Annotated photo localization data:
========================================================================

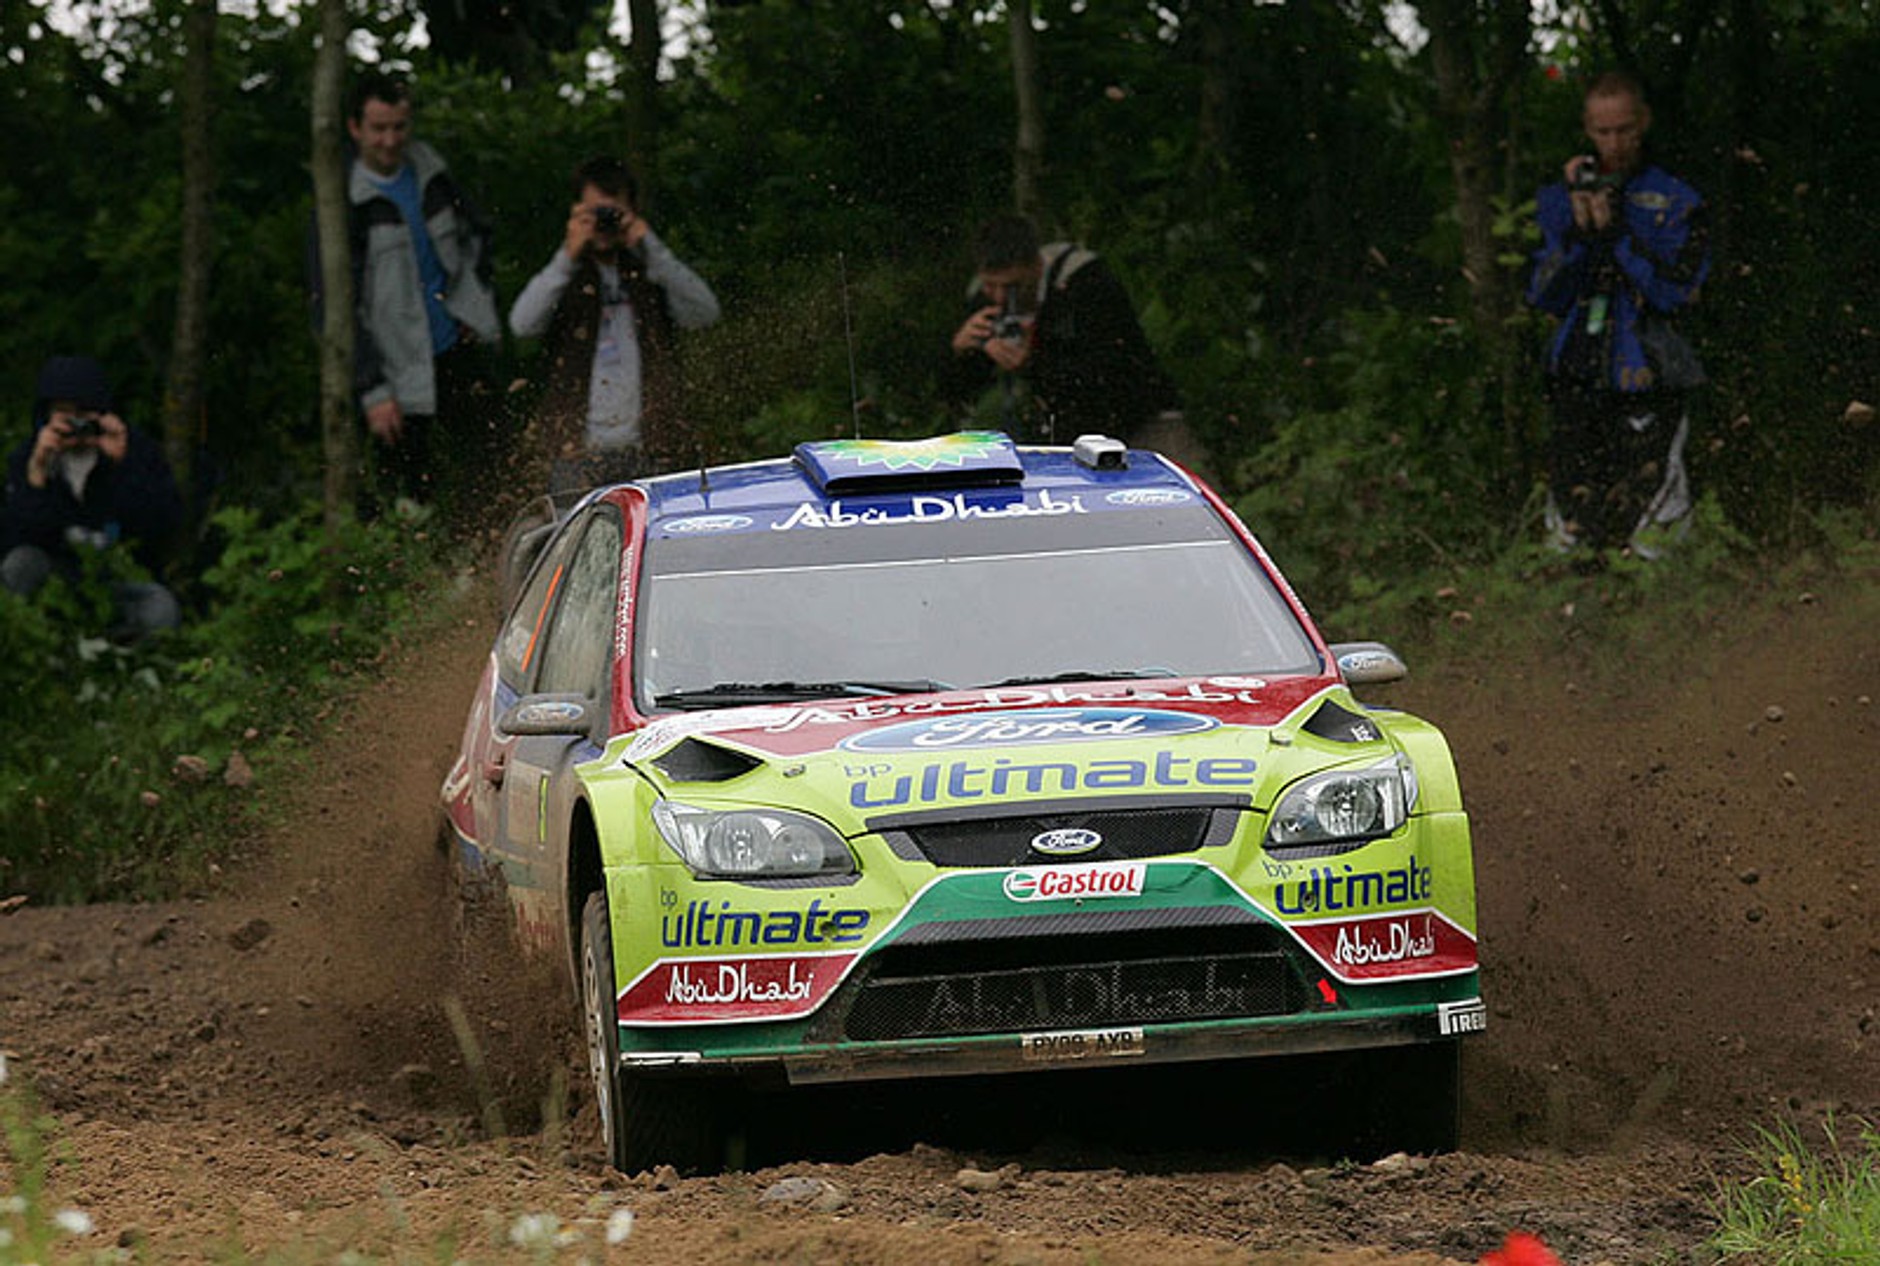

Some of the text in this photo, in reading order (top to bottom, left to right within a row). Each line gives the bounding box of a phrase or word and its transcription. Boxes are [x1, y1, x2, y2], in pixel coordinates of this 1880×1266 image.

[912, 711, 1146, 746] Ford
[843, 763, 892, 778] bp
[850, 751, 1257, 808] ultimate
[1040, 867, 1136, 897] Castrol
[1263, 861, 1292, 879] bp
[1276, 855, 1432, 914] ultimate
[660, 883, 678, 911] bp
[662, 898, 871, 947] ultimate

========================================================================

=== Exercise directions ===
If an entry contains a picture, leave it out and repeat the rest exactly.

=== Solution to this exercise ===
Some of the text in this photo, in reading order (top to bottom, left to right within a row). Each line gives the bounding box of a phrase or word and its transcription. Boxes are [x1, y1, x2, y2], in pixel coordinates of this 1880×1266 image.

[912, 711, 1146, 746] Ford
[843, 763, 892, 778] bp
[850, 751, 1257, 808] ultimate
[1040, 867, 1136, 897] Castrol
[1263, 861, 1292, 879] bp
[1276, 855, 1432, 914] ultimate
[660, 883, 678, 911] bp
[662, 898, 871, 947] ultimate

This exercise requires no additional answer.